Genera-Z Berbakti, Unila Merajut Asa di Teluk Kiluan

0
775

KINNI.ID, JAKARTA – Program Genera-Z Berbakti dari Bakti BCA resmi berakhir. Kegiatan pengabdian masyarakat berbasis kompetisi ini ditutup dengan penayangan video Gen Z Bergerak: Bakti untuk Indonesia, yang merangkum pengabdian empat tim mahasiswa pemenang di desa wisata binaan Bakti BCA.

Video tersebut menyoroti perjalanan generasi muda dalam menciptakan dampak positif bagi masyarakat. Duta Bakti BCA Nicholas Saputra serta aktris, produser, sekaligus pengusaha Happy Salma turut tampil dalam video yang dapat disaksikan melalui tautan bca.id/genzberbakti.

Salah satu pemenang adalah tim mahasiswa Universitas Lampung (Unila). Mereka mengabdi selama satu bulan di Desa Wisata Kiluan Negeri, Lampung, melalui program bertajuk Smart Reef Initiative: Optimalisasi IoT untuk Pemetaan Terumbu Karang Buatan sebagai Sistem Peringatan Dini Tsunami di Desa Teluk Kiluan.

Inisiatif itu memanfaatkan teknologi IoT untuk menghadirkan sistem peringatan dini tsunami berbasis terumbu karang buatan yang dipasang di dasar laut. Unila menargetkan solusi atas tantangan ganda yang dihadapi warga Kiluan Negeri, yakni ancaman bencana alam sekaligus pelestarian ekosistem laut. Sebanyak lima unit alat telah terpasang di perairan Teluk Kiluan.

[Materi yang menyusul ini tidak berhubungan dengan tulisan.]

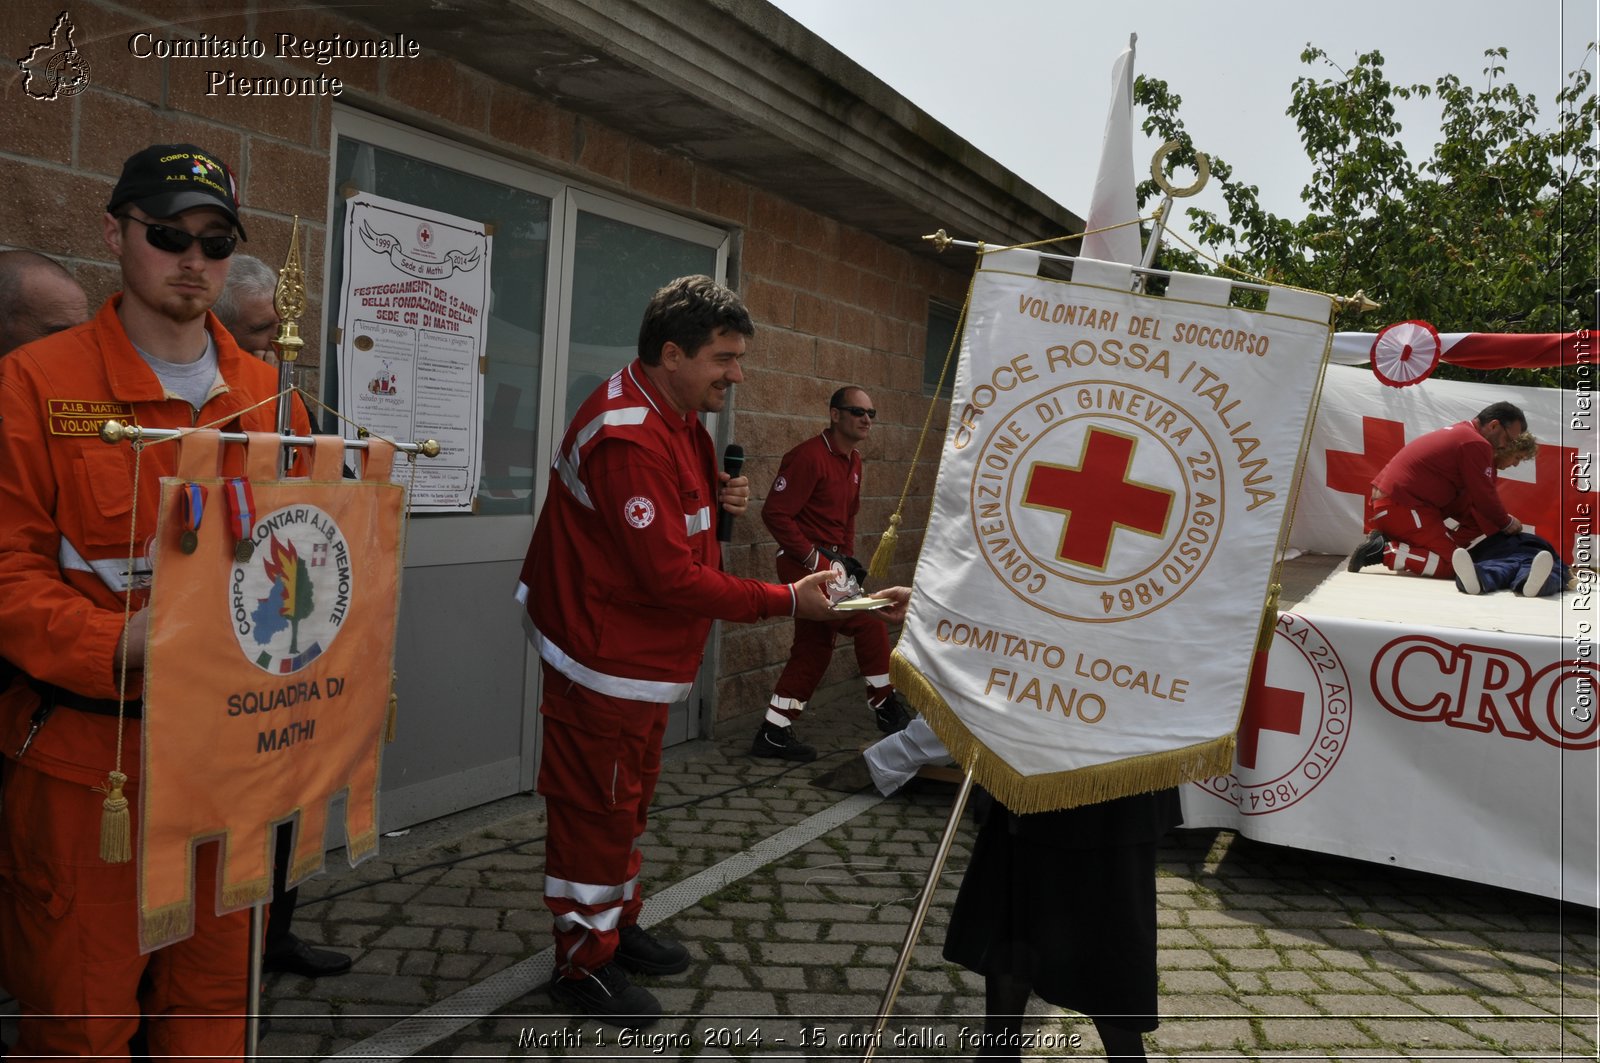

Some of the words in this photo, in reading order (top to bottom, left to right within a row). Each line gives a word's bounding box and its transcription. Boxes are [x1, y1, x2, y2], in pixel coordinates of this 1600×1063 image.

Selain smart reef, tim Unila juga mengimplementasikan program transplantasi terumbu karang, penanaman mangrove, serta eco education mengenai mitigasi bencana kepada masyarakat dan anak-anak di Kiluan Negeri. Hingga akhir masa bakti, mereka berhasil mentransplantasi 150 bibit terumbu karang, menanam 1.000 pohon mangrove, serta menjangkau hampir 80 warga melalui kegiatan eco education.

EVP Corporate Communication and Social Responsibility BCA, Hera F. Haryn, menjelaskan program Genera-Z Berbakti awalnya menerima lebih dari 250 proposal dari 98 perguruan tinggi negeri maupun swasta, baik di dalam maupun luar negeri.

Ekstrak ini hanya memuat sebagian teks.